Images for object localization
++++++++++

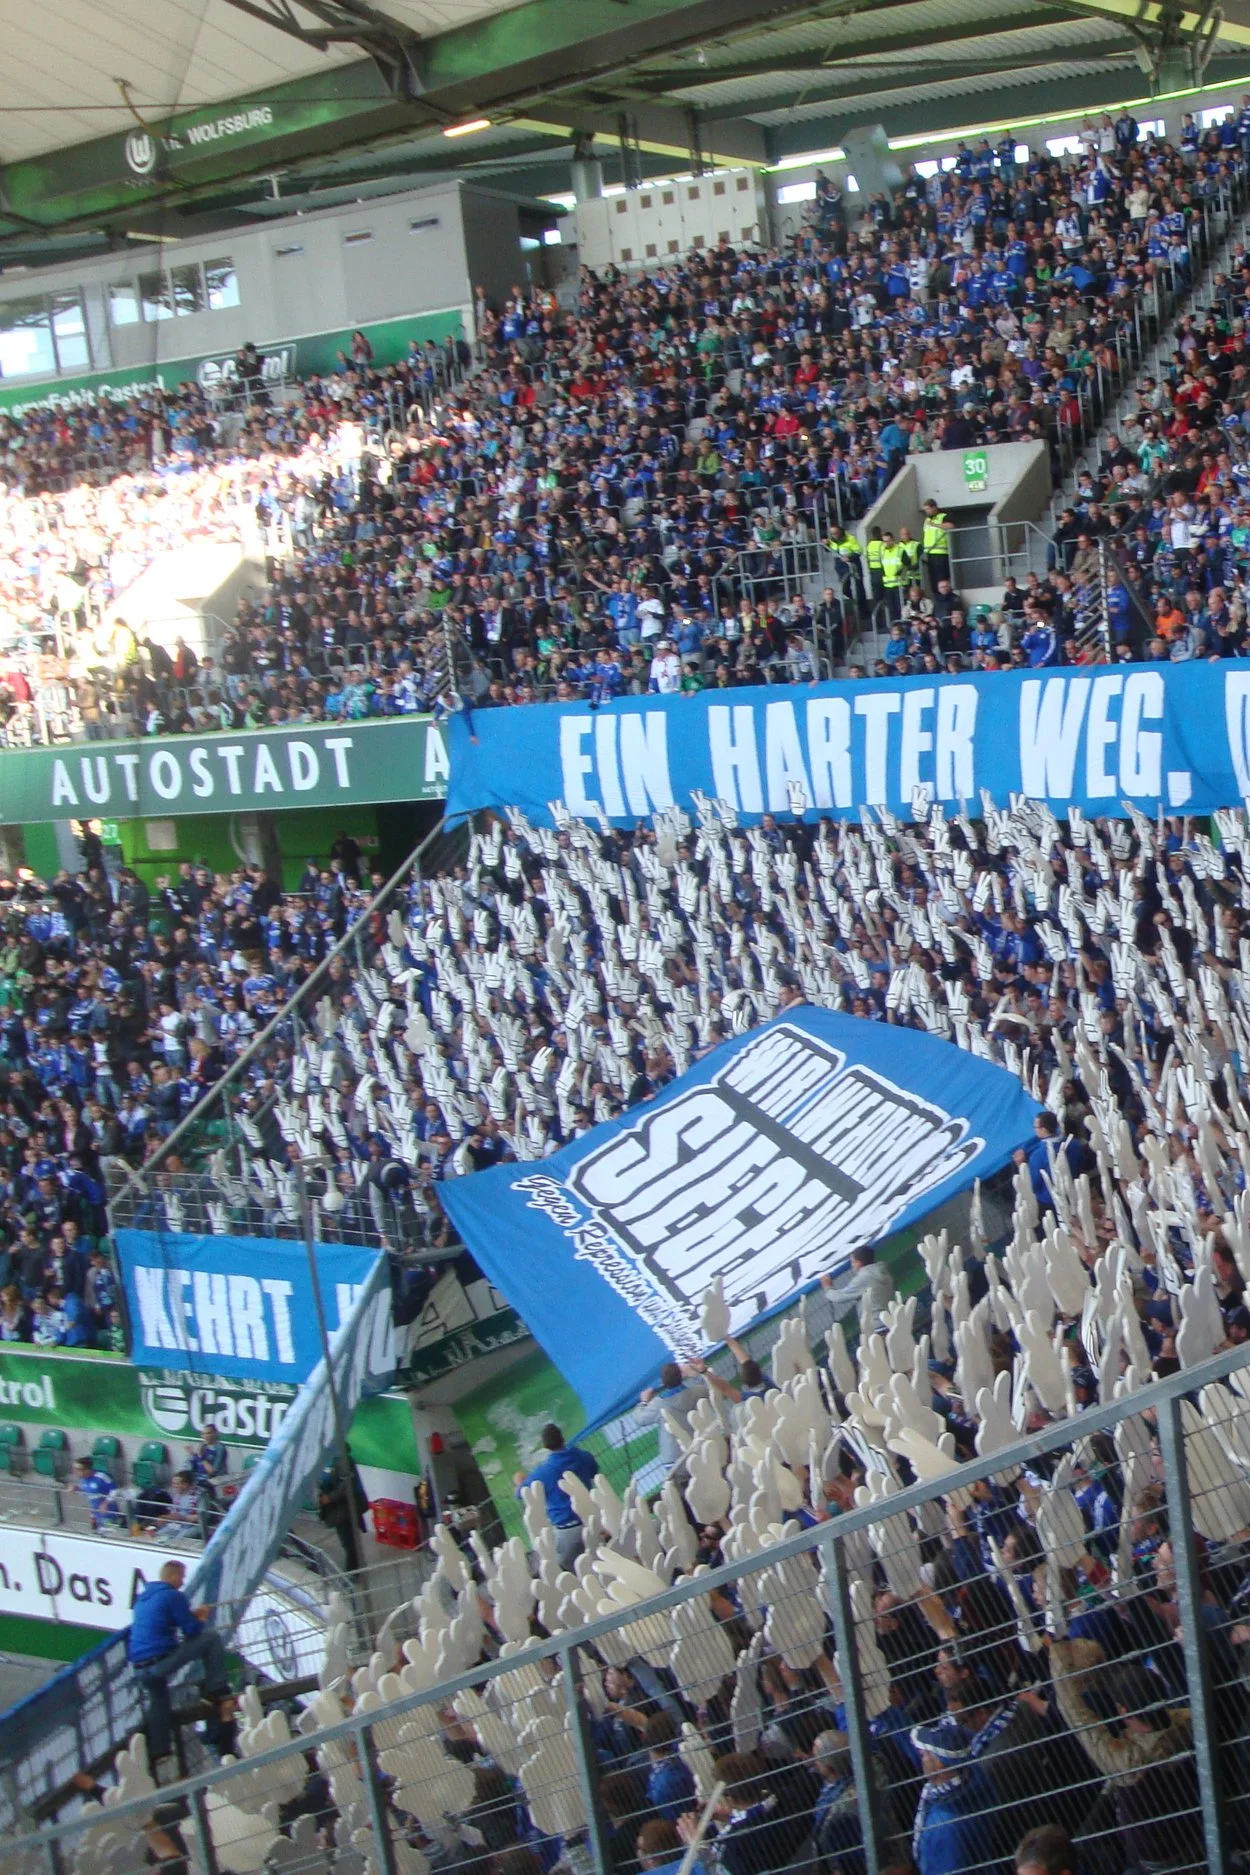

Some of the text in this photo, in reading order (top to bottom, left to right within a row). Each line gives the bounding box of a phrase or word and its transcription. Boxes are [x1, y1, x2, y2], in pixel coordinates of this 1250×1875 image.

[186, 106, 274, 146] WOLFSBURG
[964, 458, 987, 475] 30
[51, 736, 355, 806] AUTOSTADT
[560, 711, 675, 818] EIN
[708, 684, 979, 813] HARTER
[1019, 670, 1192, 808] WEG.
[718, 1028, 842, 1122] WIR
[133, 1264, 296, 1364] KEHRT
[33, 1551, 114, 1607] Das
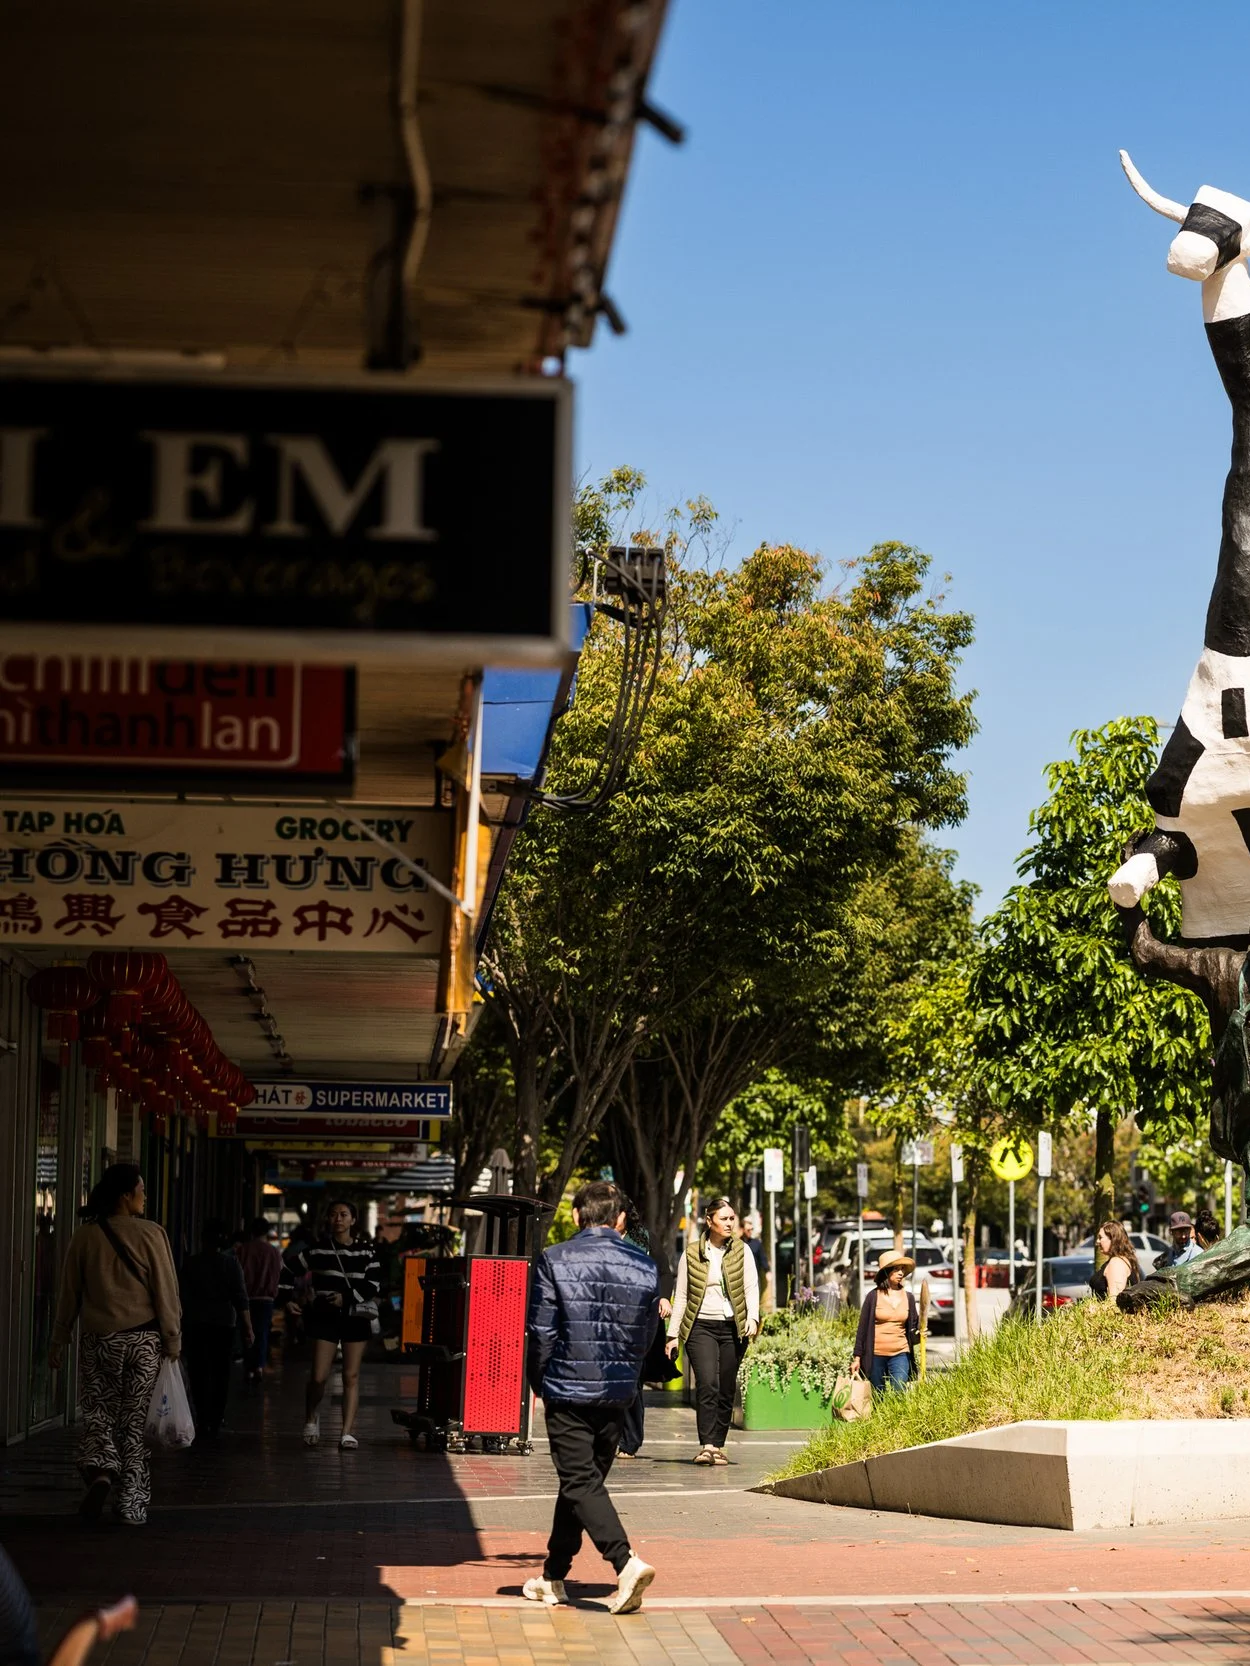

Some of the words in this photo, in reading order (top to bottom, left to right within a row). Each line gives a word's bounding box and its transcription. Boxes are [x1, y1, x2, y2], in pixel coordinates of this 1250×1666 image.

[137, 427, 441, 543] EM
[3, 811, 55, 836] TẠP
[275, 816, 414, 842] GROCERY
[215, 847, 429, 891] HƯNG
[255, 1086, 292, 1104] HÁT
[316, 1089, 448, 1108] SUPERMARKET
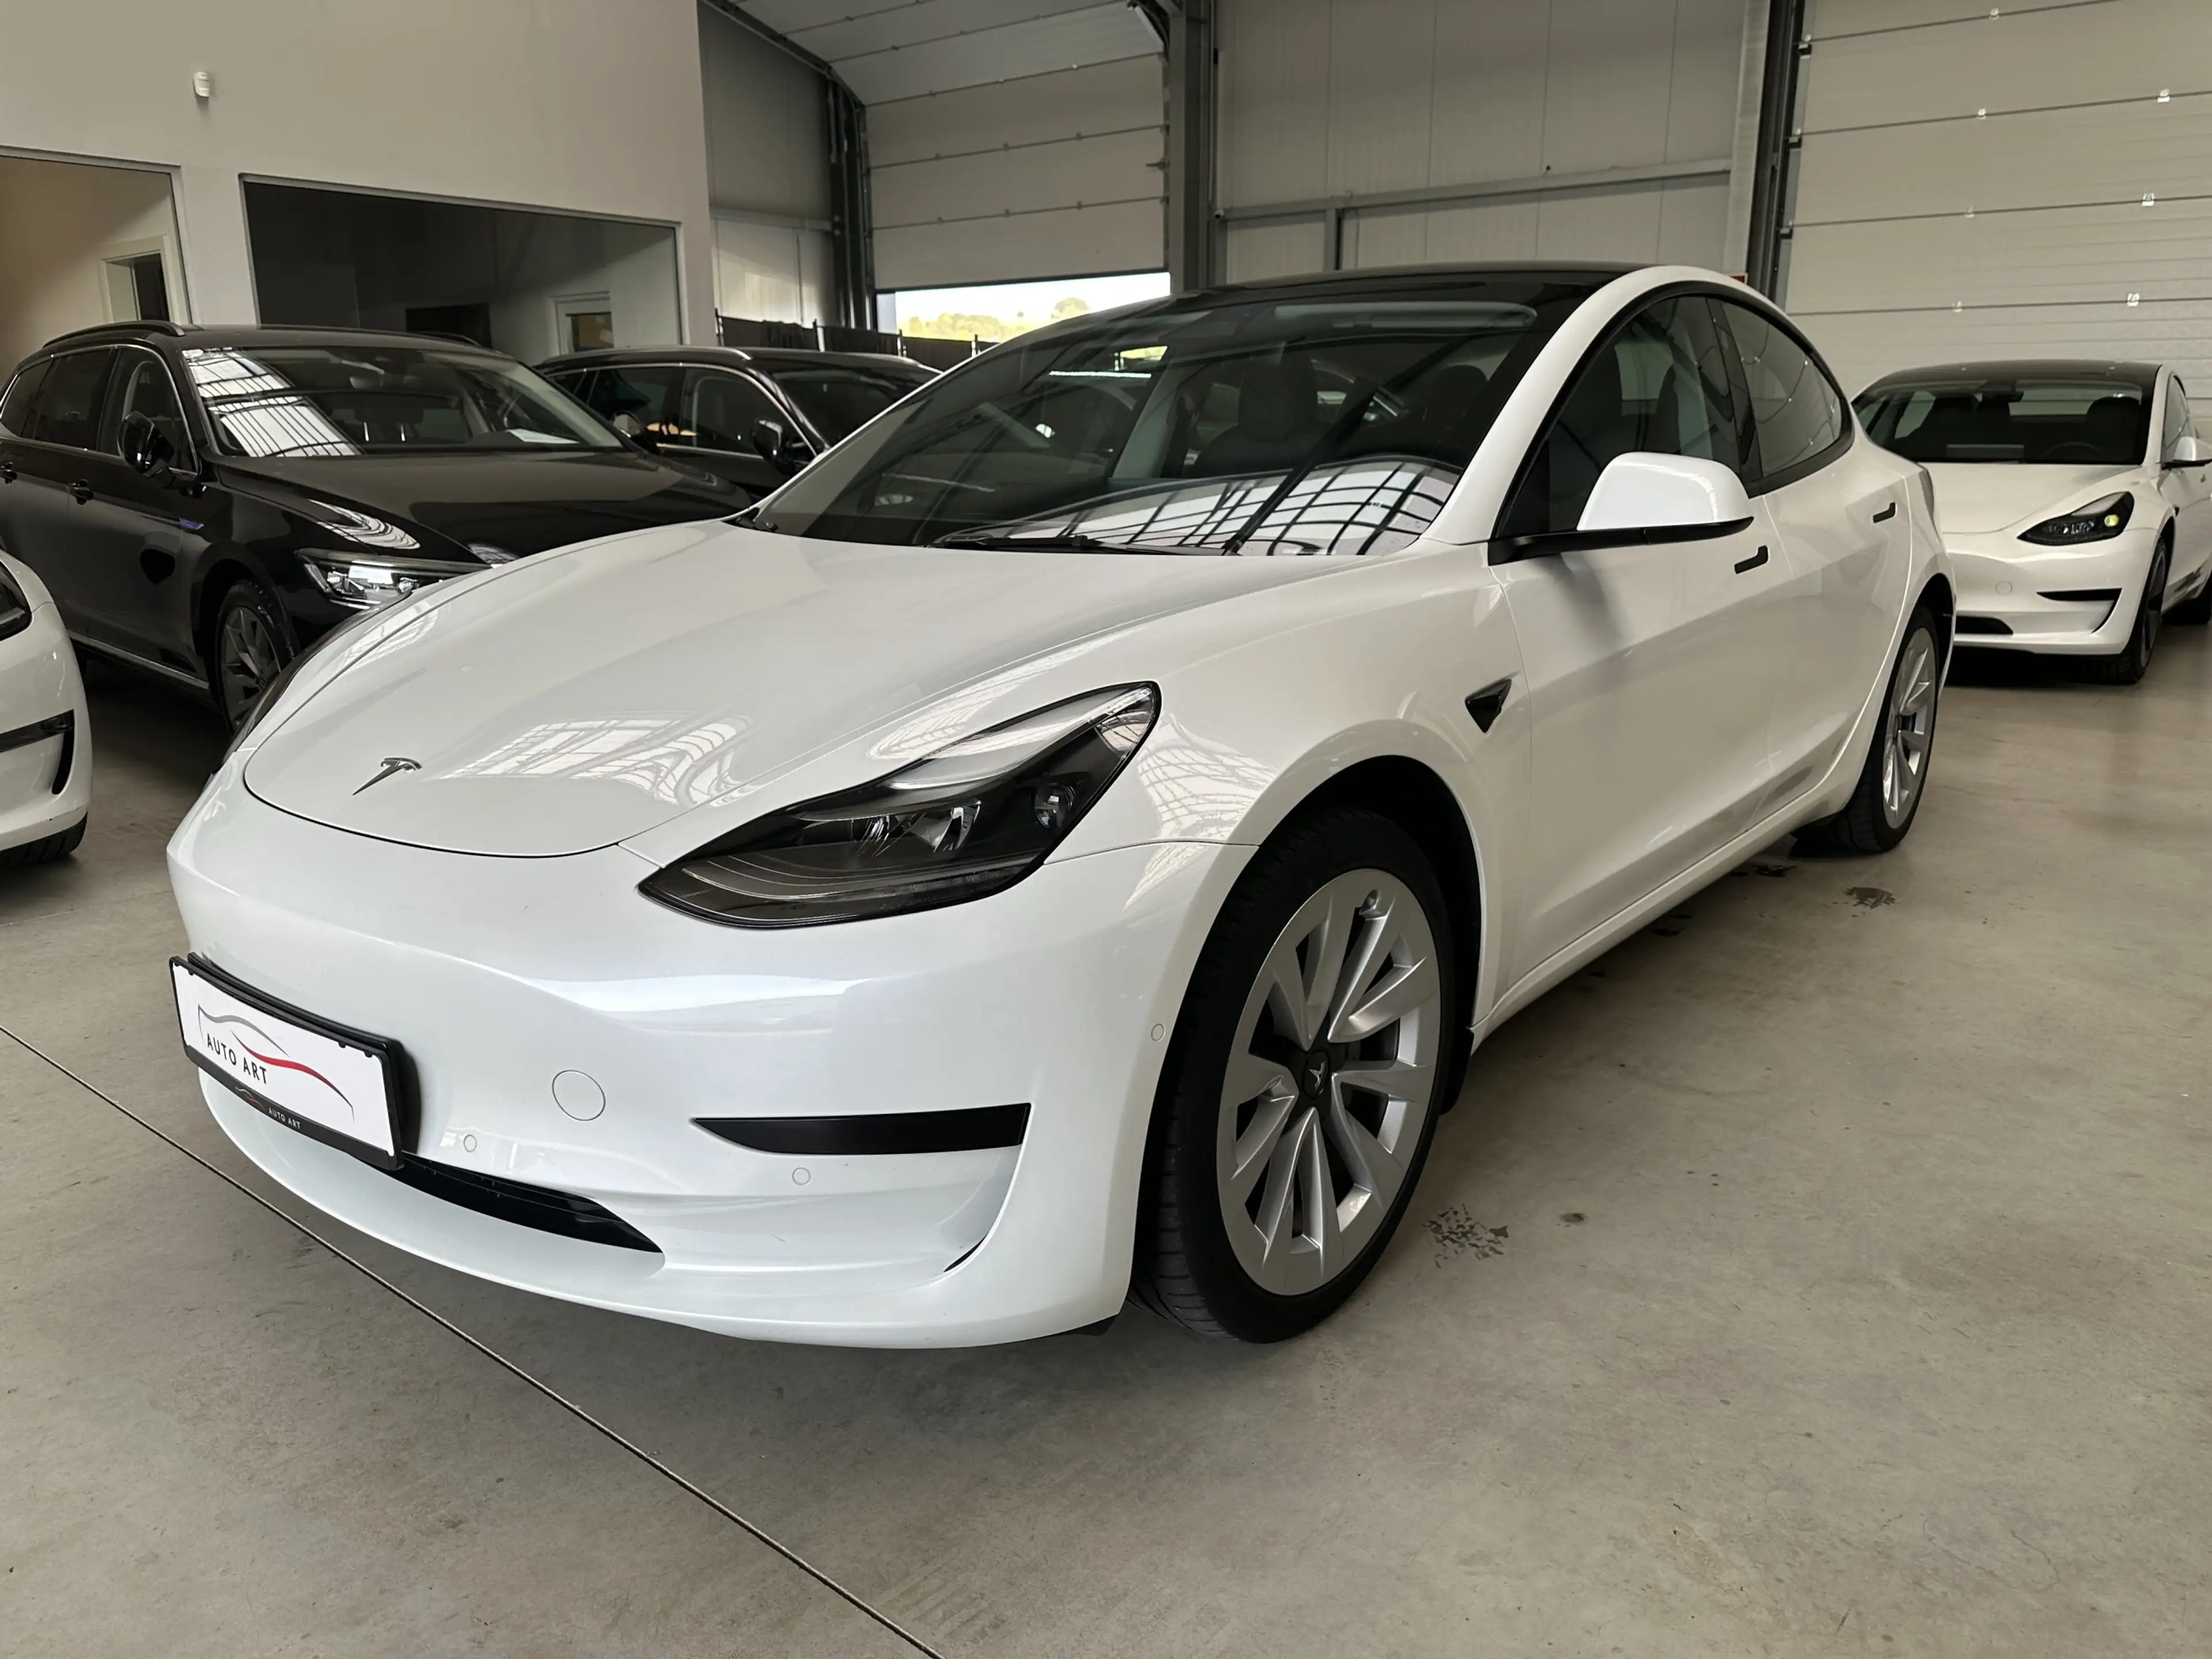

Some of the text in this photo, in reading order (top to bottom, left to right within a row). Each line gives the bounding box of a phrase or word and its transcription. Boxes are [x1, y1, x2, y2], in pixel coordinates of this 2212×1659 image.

++++++++++

What to do:
Restate, word for word, each line from the line containing "Some of the words" through the end of the entries above; the pictures are not part of the copy.

Task answer:
Some of the words in this photo, in reading order (top to bottom, left to right within a row). Each line gives a word's bounding box and its transcription. Boxes are [x1, y1, x2, y2], in pixel coordinates of this 1250×1666 image.

[137, 427, 441, 543] EM
[3, 811, 55, 836] TẠP
[275, 816, 414, 842] GROCERY
[215, 847, 429, 891] HƯNG
[255, 1086, 292, 1104] HÁT
[316, 1089, 448, 1108] SUPERMARKET

Some of the text in this photo, in reading order (top to bottom, left to right within a row). Each line gives the bounding box of a phrase or word and its transcription. Boxes are [x1, y1, x2, y2], in pixel coordinates of this 2212×1659 image.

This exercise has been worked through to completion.